CBD e metabolismo

La scienza ha iniziato a verificare l’efficacia del cannabidiolo (CBD) sul metabolismo umano, tramite lo studio di due recettori cannabinoidi:  CB1 e CB2.

Questi due recettori sono presenti in diverse parti del corpo, dal cervello fino al reni e al fegato. Da questi studi sono emerse sempre più evidenze dei potenziali effetti benefici del CBD. Ecco quindi i principali temi che riguardano il rapporto tra Cannabis, CBD e metabolismo.
Recentemente alcune pubblicazioni hanno cercato di fare il punto sul ruolo del CBD sul metabolismo e sui suoi possibili effetti positivi nel ridurre il tessuto adiposo.

Il ruolo del sistema endocannabinoide nel metabolismo (2018 pubblicazioni sul rapporto tra cannabis e il nostro sistema endocannabinoide sulla rivista International Journal of Molecular Science coordinata dal dipartimento di farmacologia della University of British Columbia di Vancouver). Gli effetti del CBD sui due recettori (CB1 e CB2) hanno attirato una grande attenzione per il potenziale terapeutico in diversi ambiti medici. Mentre proseguono gli studi, si sa che due cannabinoidi CB1 e CB2 vengono entrambi attivati dai composti endogeni (endocannabinoidi) e partecipano alla regolazione di molti processi:  la regolazione della percezione del dolore, il sistema cardiovascolare, quello gastro-intestinale e le funzioni del fegato.
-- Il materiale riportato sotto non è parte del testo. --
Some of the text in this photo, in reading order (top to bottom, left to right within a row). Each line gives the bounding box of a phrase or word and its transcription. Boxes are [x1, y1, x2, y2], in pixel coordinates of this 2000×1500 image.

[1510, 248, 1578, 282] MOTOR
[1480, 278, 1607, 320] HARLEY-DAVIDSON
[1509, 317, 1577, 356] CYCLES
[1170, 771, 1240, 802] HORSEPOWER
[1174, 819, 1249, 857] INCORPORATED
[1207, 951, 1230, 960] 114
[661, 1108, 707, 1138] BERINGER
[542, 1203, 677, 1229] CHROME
Il sistema endocannabinoide regola anche il metabolismo ed e’ coinvolto nel trasporto dei nutrienti e nella raccolta di energia e nel successivo assorbimento del cibo e delle sue sostanze nutritive.

Dimagrire con il CBD?

Diversi studi hanno dimostrato che i consumatori regolari di cannabis hanno un indice di massa corporea più basso, circonferenze della vita minore e un ridotto rischio di obesità. Premesso che: non esistono miracoli  per dimagrire in poco tempo e senza alcun impegno,  il CBD aiuta a controllare il peso, abbinato ad una dieta sana, magari concordata con il proprio dietologo e ad una regolare attività fisica.

In uno studio recente pubblicato su Molecular and Cellular Biochemestry, si spiega come il cannabidiolo (CBD) sia in grado di agire in tre diversi modi sulle cellule grasse chiamate preadipociti. Secondo lo studio il CBD sarebbe in grado di aumentare la capacità di bruciare le calorie, di scomporre i grassi e di ridurre i meccanismi con cui si creano nuove cellule grasse all’interno del nostro organismo (trattamento dell’obesità).

Si aggiunge che il cannabidiolo (CBD) a differenza del THC, non ha un’azione su quei meccanismi che sono alla base di un’improvvisa e immotivata sensazione di appetito: il CBD non provoca la fame chimica.

Il CBD è considerato sicuro, privo di sostanziali effetti collaterali e promettente in vari ambiti anche dall’Organizzazione Mondiale della Sanità. Nel 2015 un gruppo di studi misto Israele-Usa ha iniziato i lavori verso un ulteriore fase di utilizzo del CBD come trattamento per il diabete.